A verdict cannot be based on conjecture as to the existence of material facts. Thorkeldson v. Nicholson, 154 Minn. 106, 191 N.W. 269; Peterson v. Langsten, 186 Minn. 101, 242 N.W. 549; Carlson v. Equitable L. Assur. Society, 188 Minn. 43, 246 N.W. 370; McGerty v. Nortz, 191 Minn. 443, 445, 254 N.W. 601; Barich v. Pennsylvania F. Ins. Co. 191 Minn. 628, 255 N.W. 80; Gunning v. Cooley, 281 U.S. 90, 50 S.Ct. 231, 74 L. ed. 720.
5. No presumption of negligence arises from the fact that an operation or treatment by a surgeon or physician does not result in a cure. Staloch v. Holm, 100 Minn. 276, 283, 111 N.W. 264, 9 L.R.A.(N.S.) 712; Nelson v. Dahl, 174 Minn. 574, 219 N.W. 941; Johnson v. Arndt, 186 Minn. 253, 243 N.W. 67.

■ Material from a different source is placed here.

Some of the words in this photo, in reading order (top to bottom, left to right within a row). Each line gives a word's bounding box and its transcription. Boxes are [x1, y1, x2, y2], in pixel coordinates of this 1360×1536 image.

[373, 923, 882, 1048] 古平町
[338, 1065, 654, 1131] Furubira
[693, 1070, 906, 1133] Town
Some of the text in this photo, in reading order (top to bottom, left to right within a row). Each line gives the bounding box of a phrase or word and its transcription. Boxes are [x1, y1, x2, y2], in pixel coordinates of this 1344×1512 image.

6. The doctrine of res ipsa loquitur does not apply in a case of the kind here presented. Staloch v. Holm, 100 Minn. 276, 111 N.W. 264, 9 L.R.A.(N.S.) 712; Nelson v. Dahl, 174 Minn. 574, 219 N.W. 941; Johnson v. Arndt, 186 Minn. 253, 243 N.W. 67. On the contrary, our decisions hold that in such a case the opinion evidence of medical experts is necessary. Berkholz v. Benepe, 153 Minn. 335, 190 N.W. 800; Thorkeldson v. Nicholson, 154 Minn. 106, 191 N.W. 269; Lorenz v. Lerche, 157 Minn. 437, 196 N.W. 564; Bush v. Cress, 181 Minn. 590, 233 N.W. 317. And see Ewing v. Goode (C. C.) 78 F. 442.

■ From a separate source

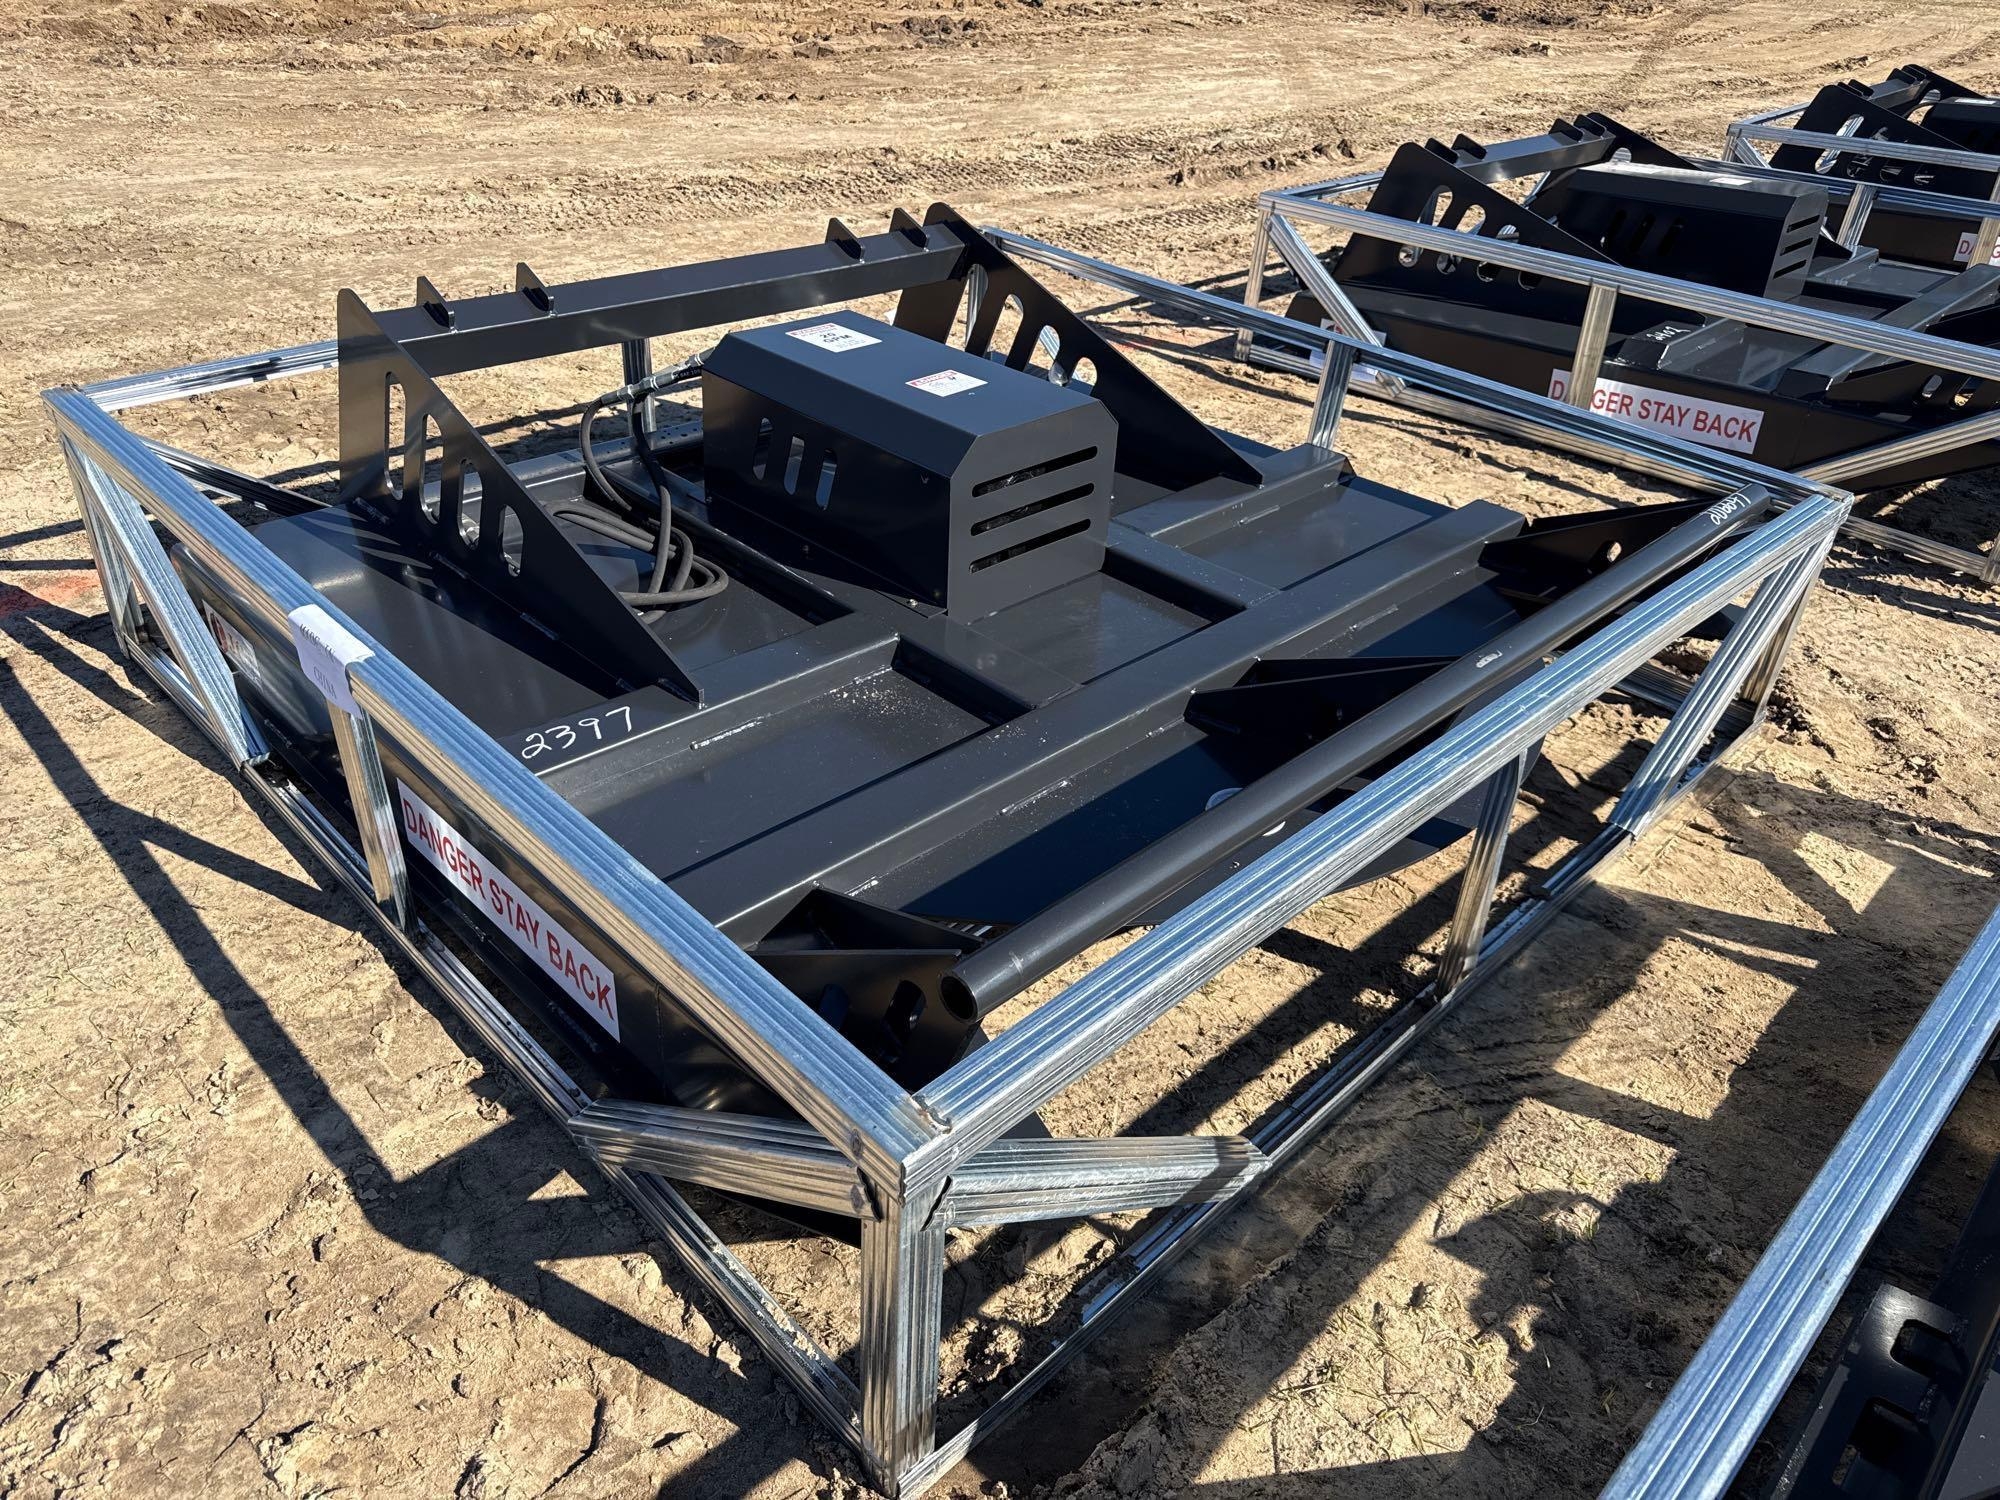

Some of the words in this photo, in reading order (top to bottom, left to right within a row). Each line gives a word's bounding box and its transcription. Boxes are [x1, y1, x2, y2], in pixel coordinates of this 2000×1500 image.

In such a case the question to be put to a qualified expert should not call for his opinion as to whether the treatment or thing done was proper or improper, but rather whether or not it was according to the customary and usual practice of the ordinarily skilled and careful surgical practitioners of the same school in the community. Lorenz v. Lerche, 157 Minn. 437, 196 N.W. 564; Scholte v. Brabec, 177 Minn. 13, 224 N.W. 259.
7. The burden of proving the failure of defendants to exercise the degree of skill, care, and diligence required by the rule of law stated rested upon the plaintiff. The conclusion reached is that, on the evidence here presented, a verdict for the plaintiff could not stand, and the defendants were entitled to a directed verdict.

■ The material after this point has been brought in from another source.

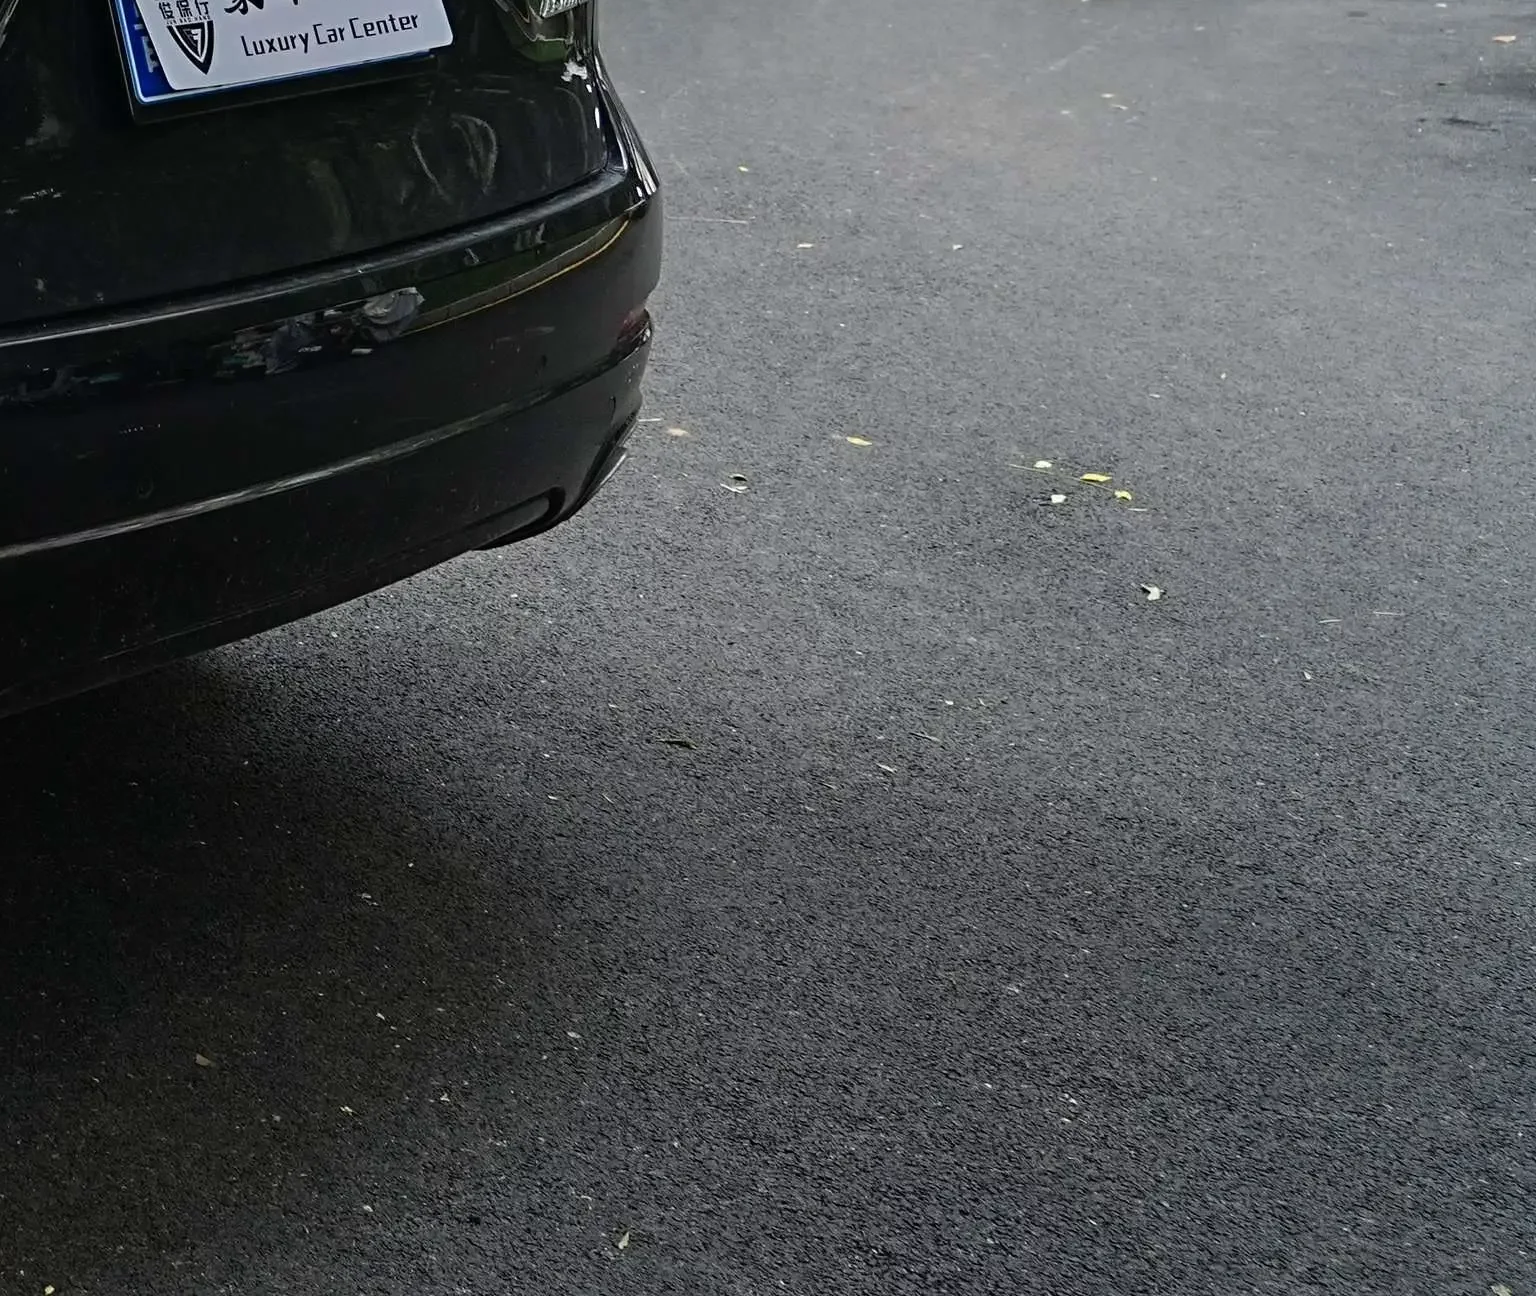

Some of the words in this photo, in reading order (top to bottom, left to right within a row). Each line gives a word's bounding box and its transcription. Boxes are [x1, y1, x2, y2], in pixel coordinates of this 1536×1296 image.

[241, 33, 309, 57] Luxury
[313, 23, 345, 46] Car
[349, 13, 418, 39] Center

8. There remains for consideration the question of whether the court erred in a number of rulings on evidence. There are 22 of these rulings assigned separately as error, numbered 4 to 25, inclusive, in plaintiff's brief. We cannot undertake to discuss each separately. Eight of these assigned errors are discussed in plaintiff's brief, preceded by a general statement as to some of the reasons stated by the court for its rulings. The eight rulings argued in plaintiff's brief have been considered with some care. They are rulings on objections to questions asked Dr. Dakin and to rulings striking out answers given by him in a few instances. Some of the questions to which objection was sustained are substantially covered by testimony of this witness received without objection. The witness testified, without objection, in effect, that, assuming there was an excessive flow or escape of bile after the operation of January 6, 1933, he was of the opinion there was an opening at some place in the biliary passages or bile apparatus. The biliary passages are the cystic duct, the common duct, and the two hepatic ducts. Plaintiff's counsel then sought to have the witness specifically ascribe this flow of bile to an opening in the common bile duct. Objections to questions on that point were sustained. The witness had testified, without objection, that an opening caused by a probe being inserted through the wall of the common duct would result in an escape of bile for a time. He was not asked as to the amount that would so escape or as to how long it would be before nature would repair the puncture opening so made. It seems apparent that an expert, asked to base his opinion on the amount of bile escaping, here claimed to be a large amount, could go no further as to its source than to say that in his opinion there was an opening or leak at some place in the biliary passages or bile apparatus. The rulings complained of are found not to constitute reversible error.
Whether the court gave correct reasons for its rulings is not important.
The order appealed from is affirmed.